Robotic sacrocolpopexy may be preferable to laparotomy because of improved perioperative outcomes and similar anatomical results. A comparison of 73 robotic with 105 laparotomy sacrocolpopexies for vaginal and uterine prolapse revealed a longer operating time (328 vs. 225 minutes) but reduced blood loss (103 vs. 255 mL) and shorter hospital stay (1.3 vs. 2.7 days) for the robotic group. Anatomical improvement was similar for both groups as determined by pelvic organ prolapse quantification (POP-Q) C point (−9 vs. −8) (see Chapter 27) (32). Late complications, such as erosion rate and long-term anatomical results of robotic sacrocolpopexy are unknown.

Gynecologic Oncology

Studies show the feasibility of robotics for the treatment of patients with cervical, endometrial, tubal, and ovarian cancer, with apparent similar or better perioperative outcomes, compared to conventional laparoscopy and with improved outcomes compared to laparotomy (33–39). A survey of Society of Gynecologic Oncologists members indicated 24% are regular users of robotics and 66% believed their use would increase (33).

Endometrial Cancer

Laparoscopy provides similar or longer operative times, less blood loss, fewer postoperative complications, shorter hospital stay and recovery times, with similar recurrence and survival rates compared to laparotomy (34–39). Robotic technology may be preferable to conventional laparoscopy in selected patients for surgery for endometrial cancer, especially in morbidly obese patients. In expert hands, the use of minimally invasive techniques—laparoscopy and robotics—may facilitate the operations.

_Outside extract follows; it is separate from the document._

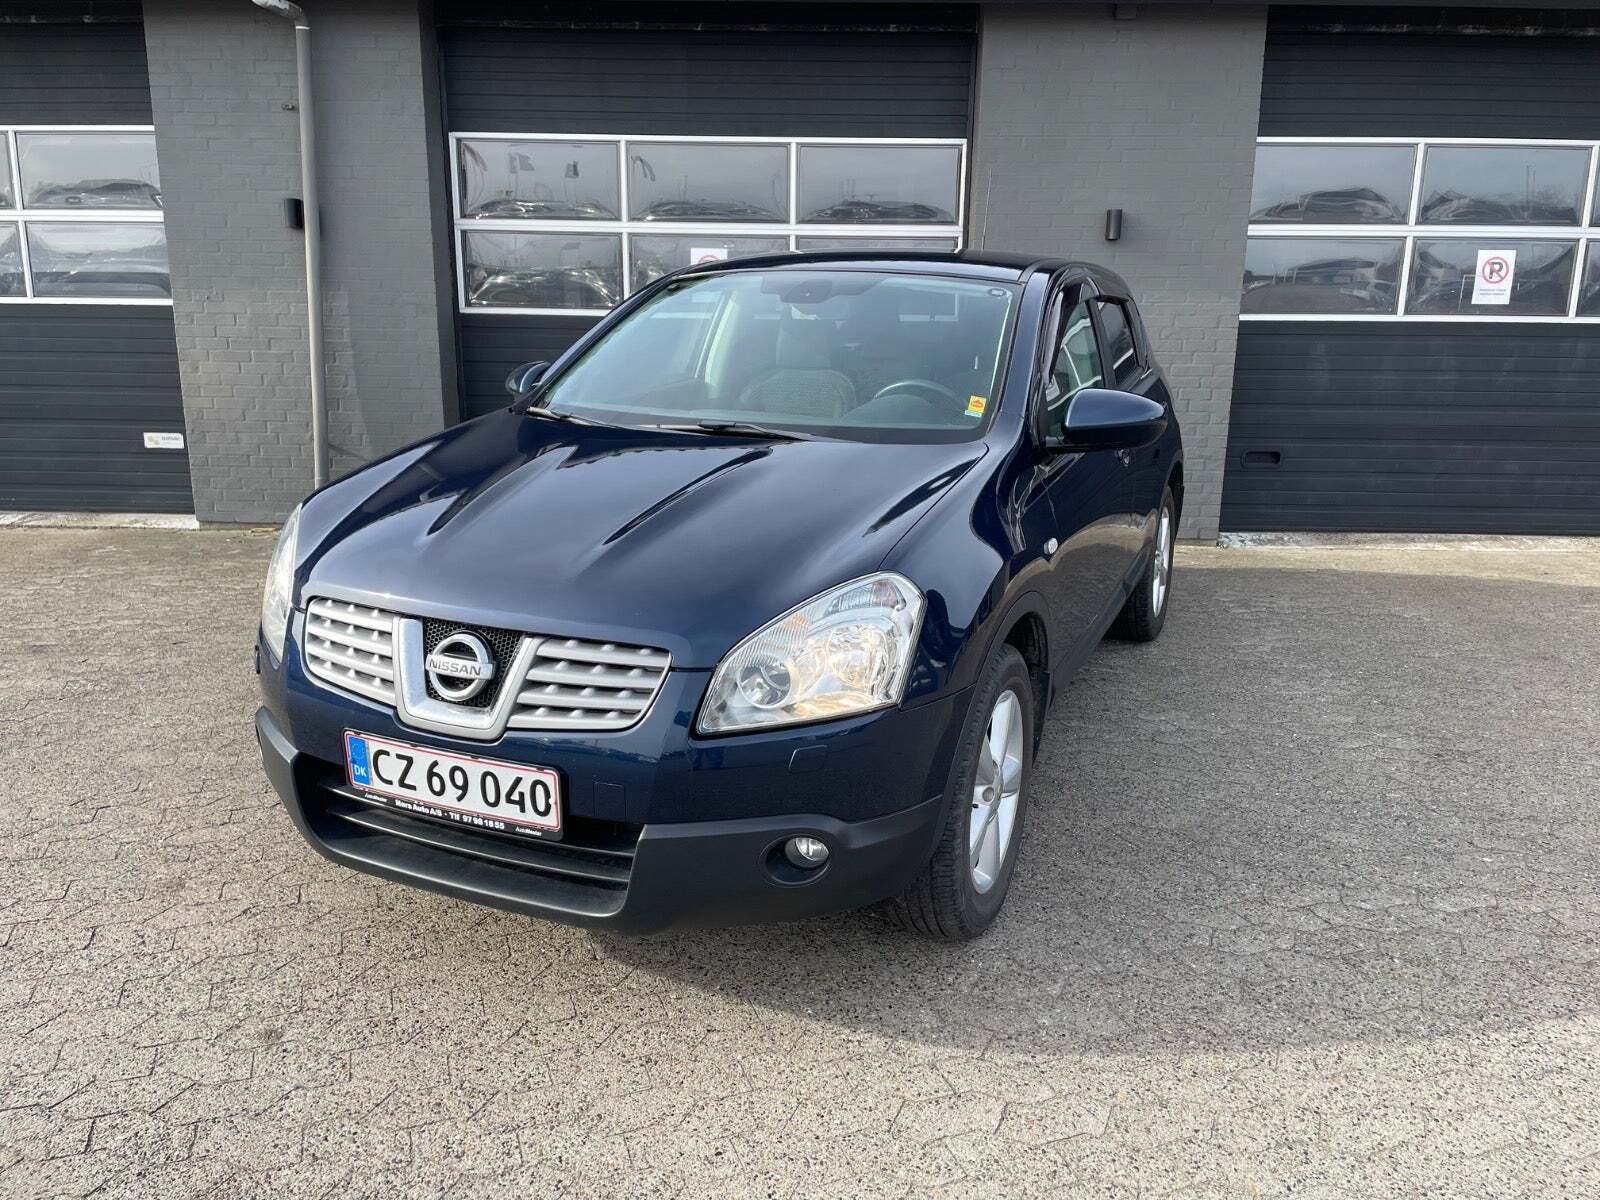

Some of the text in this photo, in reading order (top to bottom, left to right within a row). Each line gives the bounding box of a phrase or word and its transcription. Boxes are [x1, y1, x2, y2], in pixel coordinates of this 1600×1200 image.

Studies comparing robotics to laparotomy suggest improved perioperative outcomes for robotics. Operative times are similar or longer, blood loss and hospital stay are reduced, the number of lymph nodes is comparable or higher, and postoperative complications are similar or decreased with robotics (15–17,40–44). Studies comparing robotics with conventional laparoscopy for endometrial cancer show similar or superior results for robotics. Some showed reduced blood loss, shorter hospital stay, increased lymph node yield, and lower morbidity with robotics compared to conventional laparoscopy (41). Others reported longer operating time but reduced blood loss, lower transfusion rate, lower conversion rate to laparotomy, and reduced hospital stay, even though the robotic patients had a higher BMI compared to laparoscopy (44). Robotics, as with laparoscopy, resulted in a shorter recovery time for endometrial cancer patients compared to laparotomy (40,45).

In an initial review of 38 patients with robotics operations, the perioperative outcomes were similar to patients treated by laparoscopy (n = 22). Results were similar to patients treated by laparotomy (n = 16) other than a larger blood loss and longer hospital stay for this group of patients. The operating times were similar for the three groups, blood loss was lower for the robotic and laparoscopy groups (283, 222, and 517 mL), and length of hospital stay was shorter for the robotic and laparoscopy groups (2, 2.5, and 6 days). There was no difference relative to the number of lymph nodes removed (18.4, 26.3, and 18.4, for robotics, laparoscopy, and laparotomy, respectively), number of lymph node metastases, positive cytological findings, or tumor recurrence. Postoperative complications were comparable among the three groups.

Boggess et al. compared 103 robotic patients with 81 laparoscopy patients and 138 laparotomy patients (41). The operating times for robotic and laparoscopy procedures were similar, but longer than laparotomy (191.2 minutes, 213.4 minutes, and 146.5 minutes, respectively). The blood loss, hospital stay, and number of nodes were all improved for the robotic group. Bell et al. compared a group of 40 robotic patients with 30 patients operated by laparoscopy and 40 patients operated by laparotomy (40). Robotic and laparoscopy operating times were comparable (184 minutes and 171 minutes, respectively) and longer than laparotomy (108.6 minutes). Blood loss was similar to laparoscopy, and both were lower than the laparotomy group. The number of lymph nodes removed was similar among the three groups. Postoperative complications were lower in the robotic group compared to the other two groups (7.5%, 27.5%, and 20%, respectively).

Another study evaluated the results of robotics and conventional laparoscopy for obese and morbidly obese patients (BMI 30–60) with endometrial cancer (42). Robotics was found to be preferable to the laparoscopic approach because of a shorter operative time, reduced blood loss, increased number of lymph nodes removed, and shorter hospital stay. The benefits of robotics for obese patients was noted with simple robotic hysterectomy, where the operating time remained unchanged in spite of the patient’s increased BMI (6). This may result from the absent awareness of the resistance of the robotic instruments being inserted through a thick abdominal wall because of the lack of tactile feedback.

The application of robotics for endometrial cancer can result in improvements of the perioperative outcomes (43). The operating time decreased by 47 minutes, vaginal cuff delayed healing decreased from 16% to 0%, and the number of pelvic and aortic lymphadenectomies and number of nodes retrieved increased per quarter analyzed from the initiation of robotics.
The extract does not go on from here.